Hoping for a Miracle
Pittsburgh’s City Council and Mayor must be hoping for a miracle. They have rejected each other’s plan to avoid a state takeover of the City’s pension funds. As a result they are looking down the barrel of a financial howitzer in January if they cannot cobble together a plan to raise $220 million over the next few weeks. And even if the $220 million can be raised, the pension problem will still require bigger City contributions going forward.
Yesterday’s briefing by the Pennsylvania Municipal Retirement System officials pointed out just how massive the unfunded pension problem is and the staggering amount of money the City will have to come up with over the next 30 years-as high as $3.6 billion in one scenario.

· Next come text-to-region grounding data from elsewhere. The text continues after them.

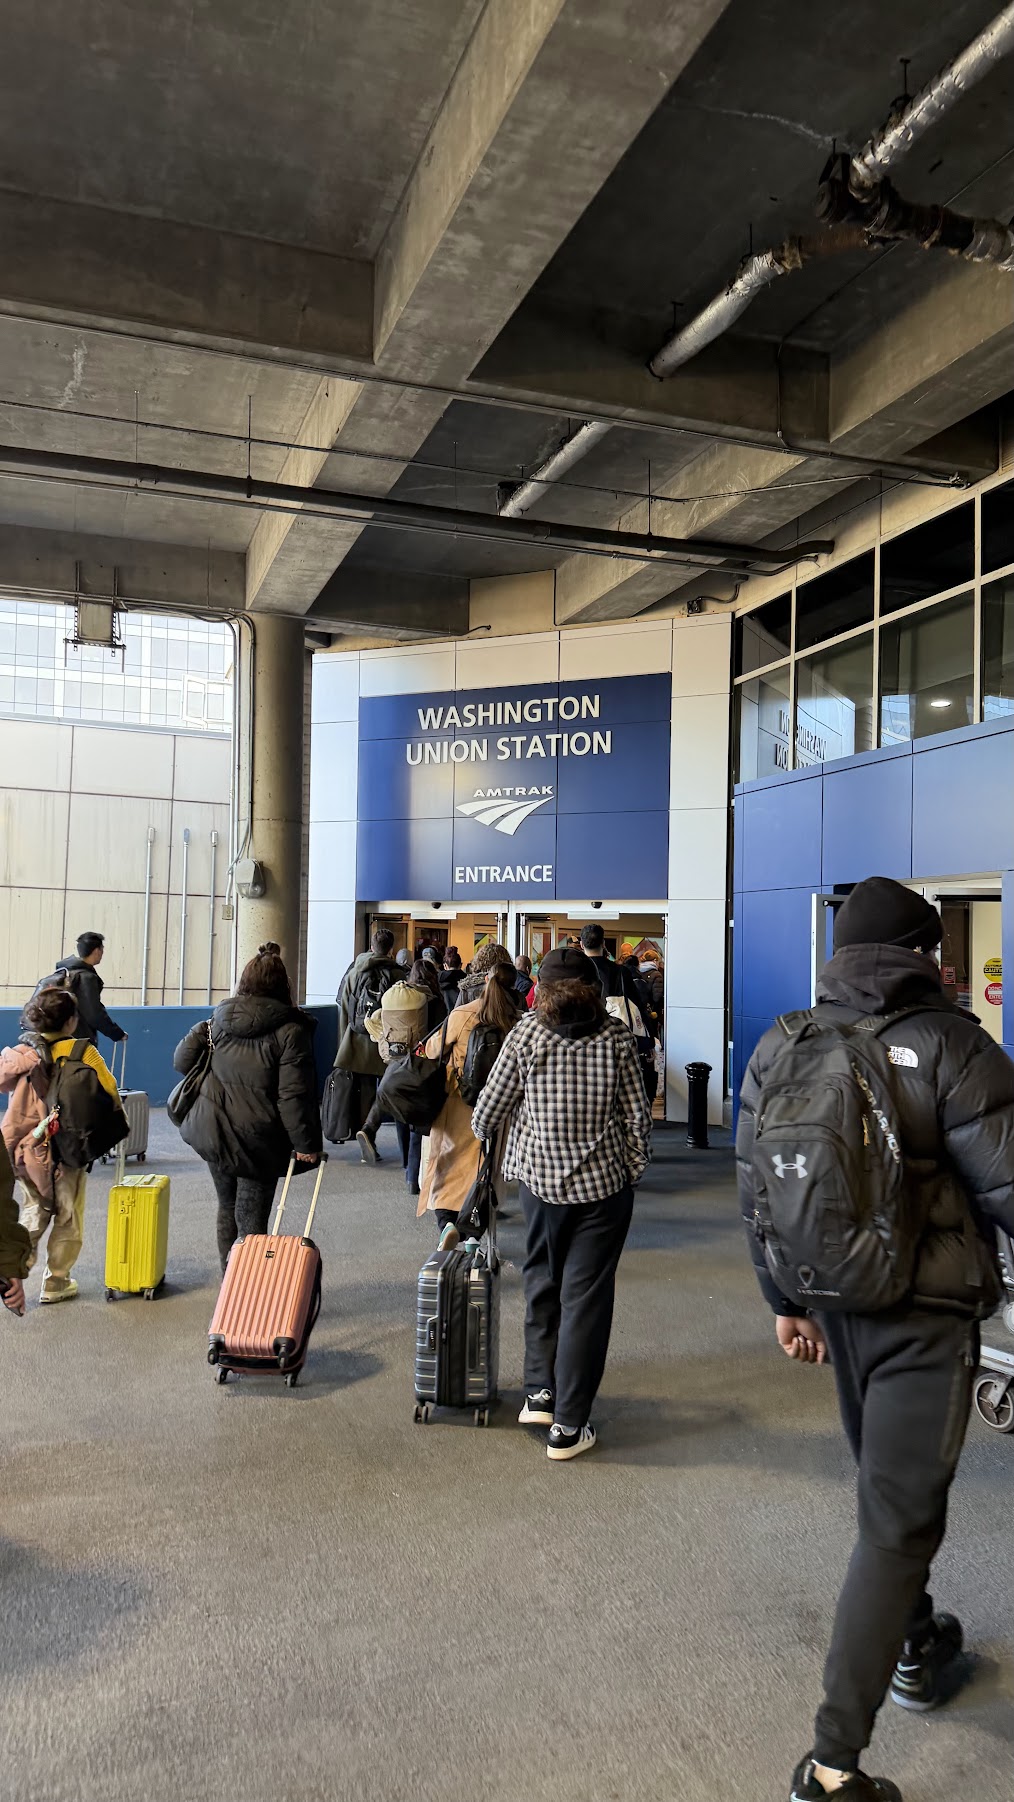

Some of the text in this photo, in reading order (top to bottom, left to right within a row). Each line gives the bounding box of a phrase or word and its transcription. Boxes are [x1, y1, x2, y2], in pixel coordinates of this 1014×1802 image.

[418, 694, 600, 731] WASHINGTON
[406, 730, 612, 766] UNION STATION
[473, 785, 554, 798] AMTRAK
[455, 865, 553, 884] ENTRANCE
[872, 1109, 900, 1164] ARMOU
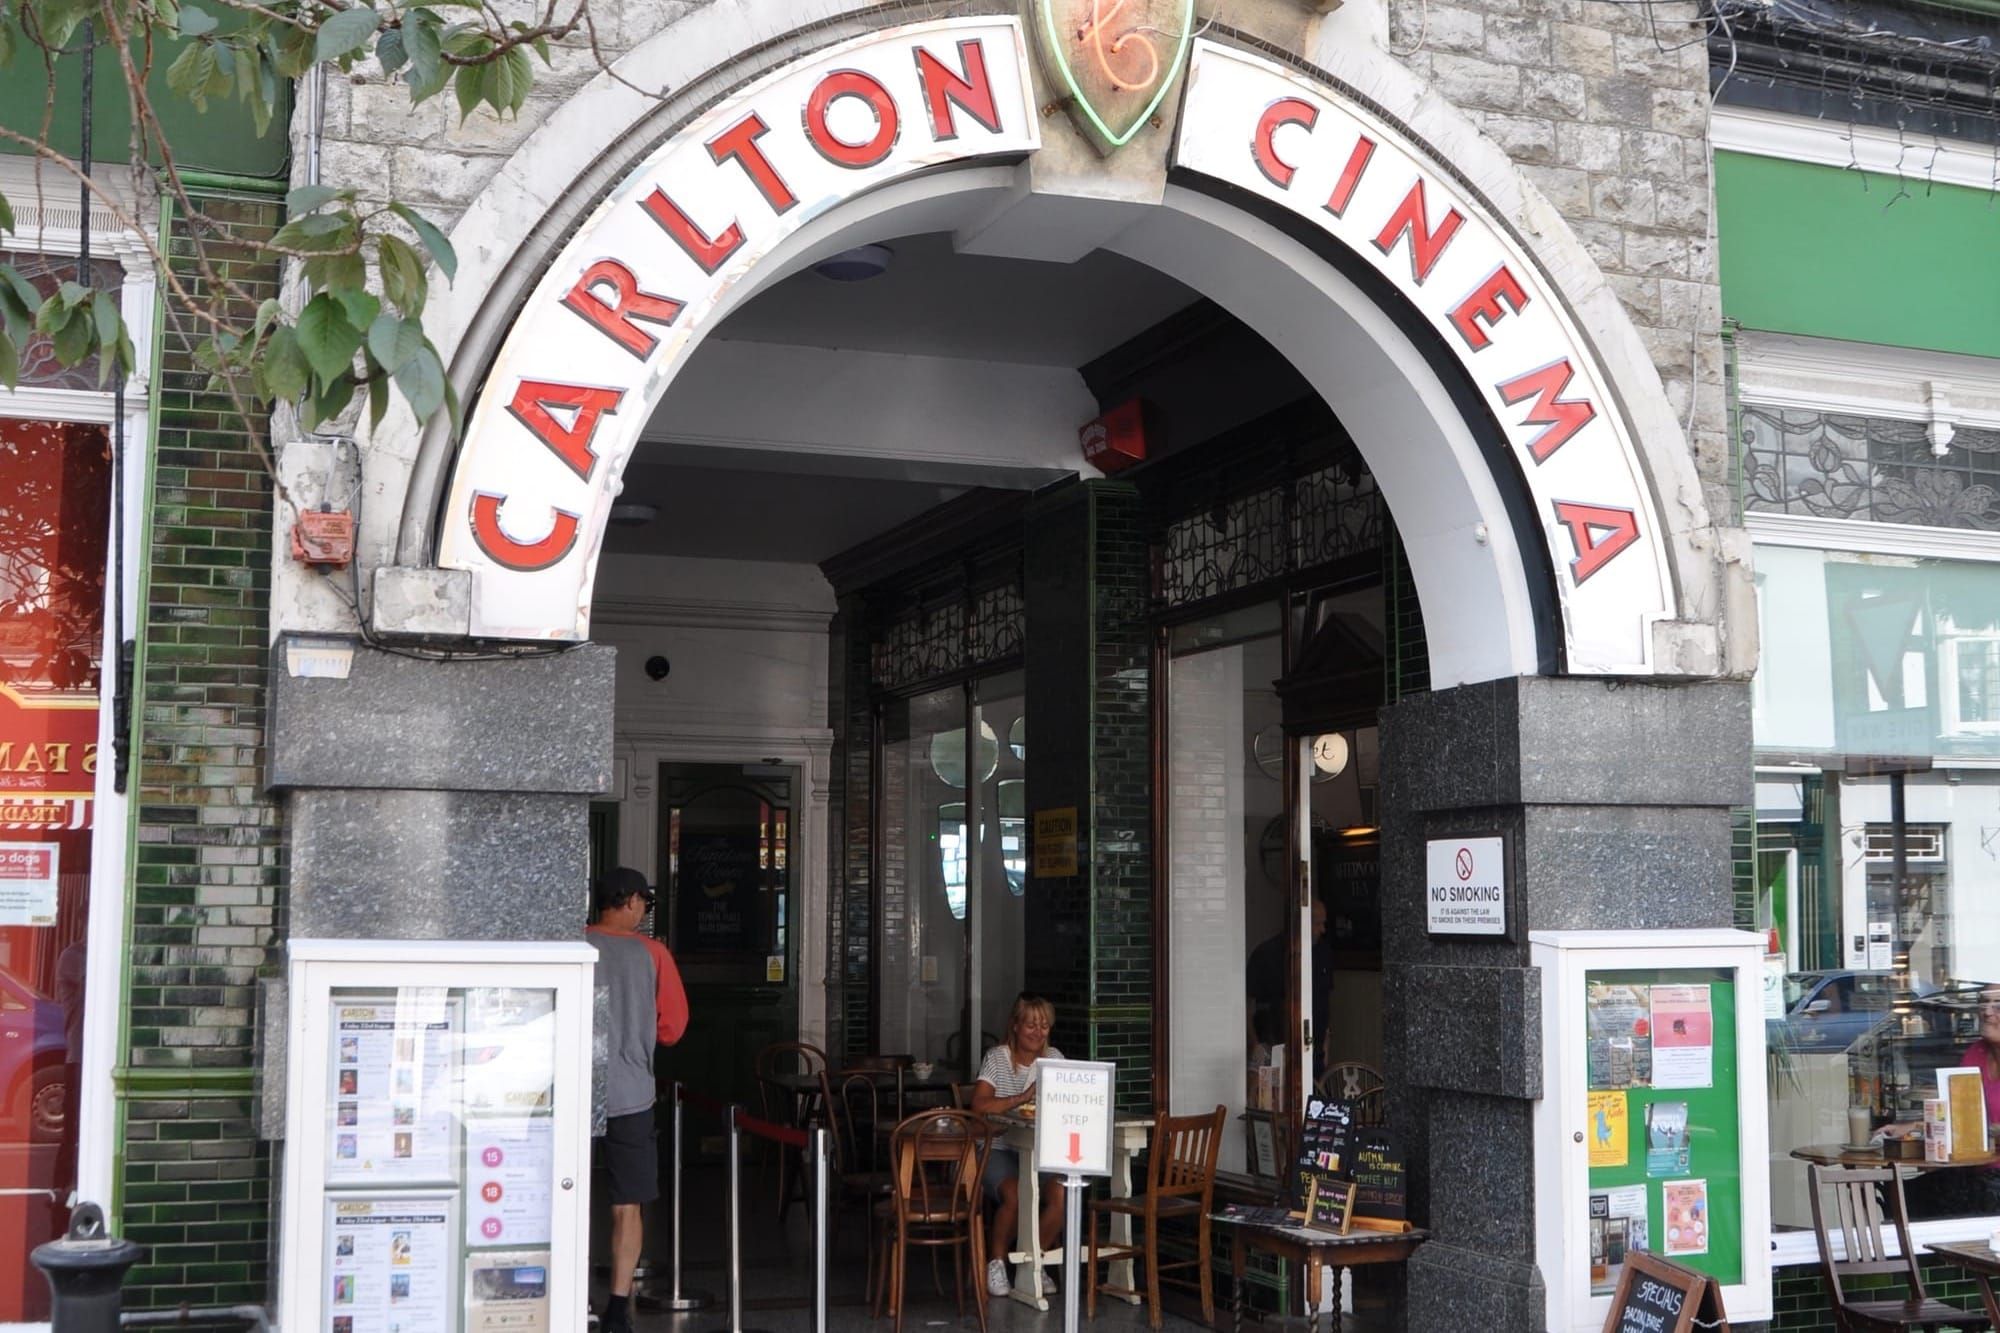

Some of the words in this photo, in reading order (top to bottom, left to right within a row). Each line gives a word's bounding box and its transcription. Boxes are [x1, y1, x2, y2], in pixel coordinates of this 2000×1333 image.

[469, 38, 1003, 573] CARLTON
[1250, 96, 1641, 587] CINEMA
[9, 853, 41, 866] dogs
[1431, 886, 1447, 902] NO
[1449, 886, 1500, 902] SMOKING
[1056, 1072, 1097, 1085] PLEASE
[1047, 1092, 1080, 1105] MIND
[1083, 1094, 1105, 1106] THE
[1062, 1114, 1089, 1126] STEP
[487, 1151, 498, 1162] 15
[486, 1187, 497, 1197] 18
[486, 1223, 497, 1233] 15
[1637, 1281, 1682, 1315] SPECIALS

And Council’s response? One idea is to renegotiate the terms of the rejected lease agreement offered by the LAZ-JP Morgan group: unlikely to happen because reopening the terms would require another bidding process. Otherwise lawsuits would be flying. Another idea is to sell parking meters to the Parking Authority, a plan strongly rejected by the Mayor. Yet a third idea is to have non-profits pay more in payments in lieu of taxes. Good luck with that one.
Indeed, the Council seems to be praying for a miracle. Having rejected privatization with such gusto and self-righteousness a month ago, they have boxed themselves in. There are no other good choices and the bullet will have to be bitten. There will be no bailout coming from the state; it has its own problems. And as we noted in a Policy Brief yesterday, the Pittsburgh school district will need more revenue soon as well. Pittsburgh taxpayers cannot be happy at the prospect of a double hit in their tax bills.
This is what happens when tough problems are kicked down the road year after year. Where has the Act 47 management team been for six years that it has allowed the City to get to this point?